CML disease in pregnancy is a rare condition, with an annual incidence of 1 per 100,000 pregnancies . The disease during pregnancy has been traditionally managed conservatively by leukapheresis [5, 6], hydroxyurea [7, 8] and interferon [9–11] because it has an initial chronic phase that may not require an immediate therapy and pregnancy per se does not affect CML. The therapeutic management of CML in pregnant women with targeted therapies often poses substantial challenges to both patients and their physicians. The main concern is whether to stay on these agents, which carry the risks of birth defects, or stop the medications and risk relapse. The efficacy and safety of molecular target therapies during conception have not been adequately evaluated. This pitfall is attributed mainly to the rarity of CML in young women and the exclusion of pregnant women from active trials. In general, molecular targeted therapies are not recommended during conception because of concerns raised by animal experiments that have suggested an embryotoxic effect of these agents [12–14]. However, it remains uncertain how these effects apply to humans. Currently, much literature exists regarding the evaluation of the outcome of pregnancy while on imatinib and most cases have involved successful pregnancies after the drug is withdrawn. One of the most comprehensive data sets on the effect of imatinib on pregnancy was recently reported by Pye et al. . In Pye et al’s. study, imatinib was evaluated in 180 women who were exposed to treatment during pregnancy; outcomes were available for 125 patients. In total, 50% delivered a healthy baby, 28% elected to have a termination and 14% had a miscarriage. The thorough review of the English language literature on women who became pregnant while taking imatinib conducted by Cole et al.  identified a total of 217 reported pregnancy events. Of these, 171 carried their pregnancy to term, 24 had spontaneous abortions and 62 had unknown outcomes. Among the 109 pregnancies with the known outcome being that the patient intended to carry their child to term, 36 (33%) had complications, including spontaneous abortion in 24 patients, stillbirth in 1 patient, malformations in 9 patients and low birth weight in 2 patients.

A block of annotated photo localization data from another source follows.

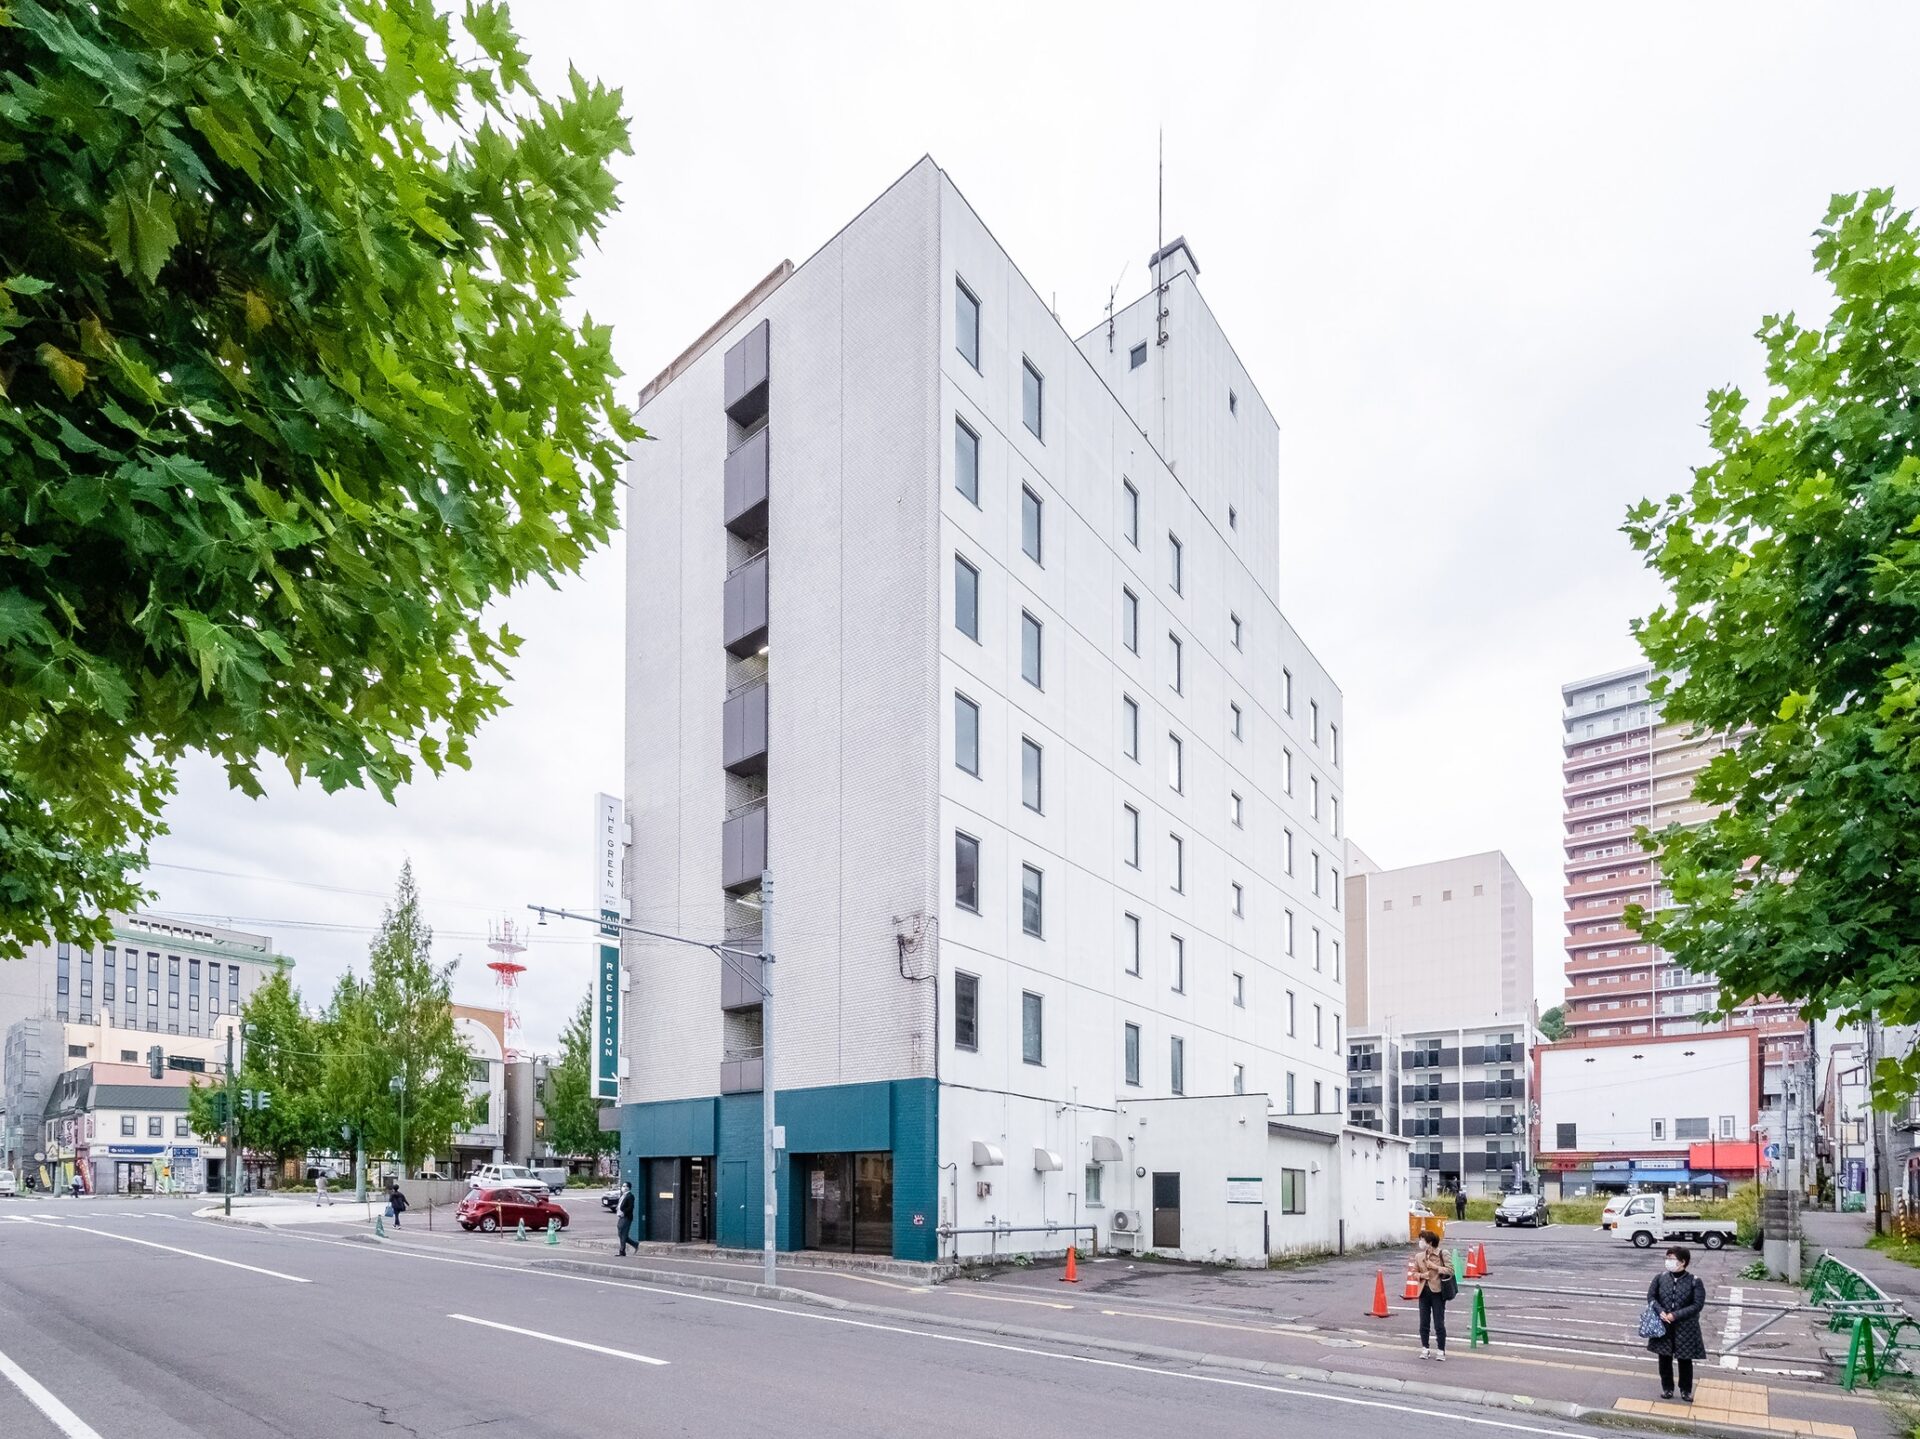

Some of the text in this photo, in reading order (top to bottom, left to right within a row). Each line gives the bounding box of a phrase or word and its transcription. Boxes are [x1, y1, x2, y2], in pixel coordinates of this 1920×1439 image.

[607, 805, 615, 834] THE
[607, 839, 615, 888] GREEN
[605, 962, 613, 1056] RECEPTION
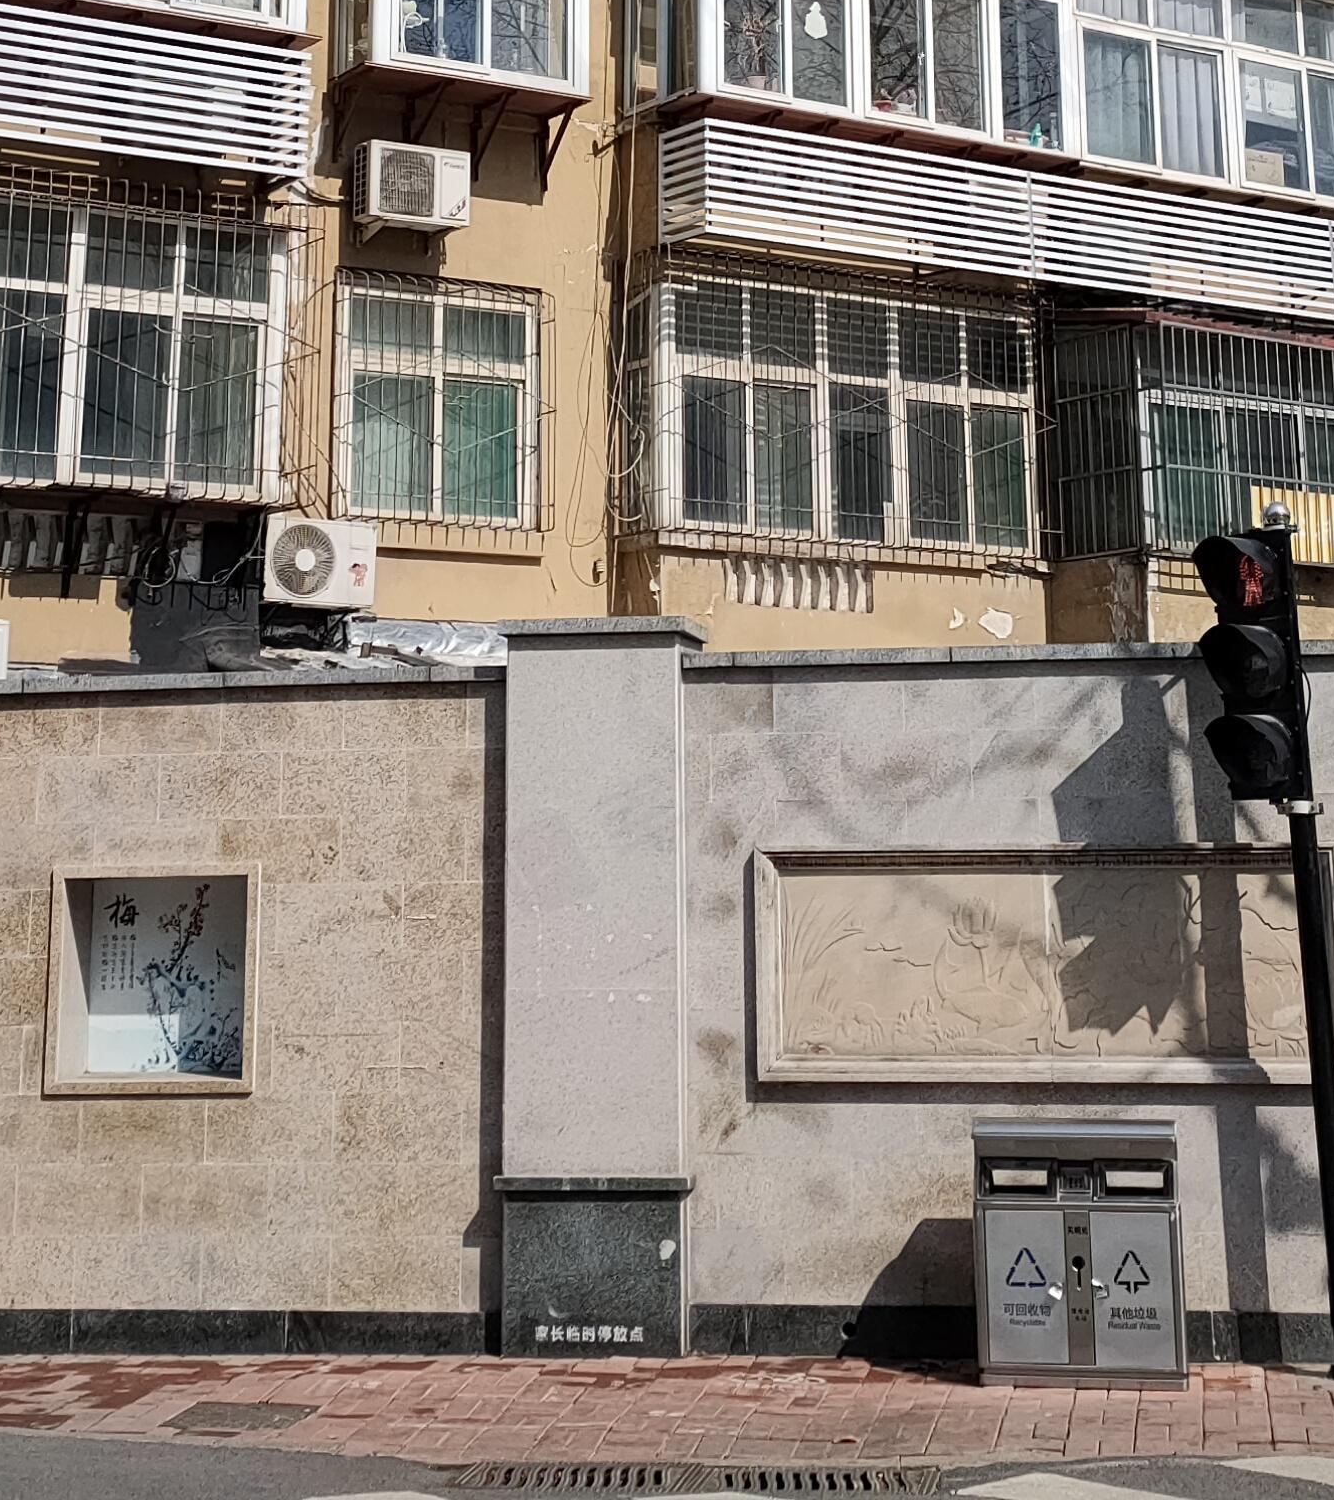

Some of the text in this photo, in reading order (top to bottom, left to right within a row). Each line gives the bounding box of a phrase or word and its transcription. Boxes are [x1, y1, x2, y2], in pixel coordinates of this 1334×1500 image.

[104, 893, 139, 928] 梅
[1003, 1303, 1051, 1317] 可回收物
[1109, 1306, 1158, 1320] 其他垃圾
[534, 1324, 644, 1343] 家长临时停放点

Dasatinib is a multi-targeted kinase inhibitor of bcr/abl and Src kinases that has been developed to overcome intolerance to prior therapy, including the current frontline therapy imatinib, and to suppress the activity of imatinib-resistant bcr-abl mutants . The drug is structurally unrelated to imatinib and is able to bind and inhibit both the active and inactive conformations of abl, resulting in 100- to 300-fold higher activity than imatinib [17, 18]. Although dasatinib has an excellent efficacy profile, there has been very limited experience with this agent in women with CML who become pregnant while on therapy. To date, only one recent study of the use of dasatinib during early pregnancy has been reported in a scientific meeting . Cortes et al. described the outcomes of pregnancies of 16 patients (8 females and 8 males) who received dasatinib therapy. Of the eight females who conceived while receiving dasatinib, three had therapeutic abortions (two due to patient decision, one for unknown reasons), two had spontaneous abortions (one at eight weeks in a 38-year-old patient [G1P1], one at nine weeks gestation in a 33-year-old [G3P3] and three delivered (one normal, one by cesarean and one unknown). Although none of these women or their neonates experienced serious adverse outcomes, the authors concluded that women of reproductive age who have been started on dasatinib should use effective contraception. There has been only one case report of the use of nilotinib, a second generation TKI, during early pregnancy. Conchon et al.  described a 30-year-old mother with CML who became pregnant for the second time while on nilotinib for 7.4 weeks of gestation and delivered a male infant who weighed 3.2 kg at 33 weeks without congenital malformations.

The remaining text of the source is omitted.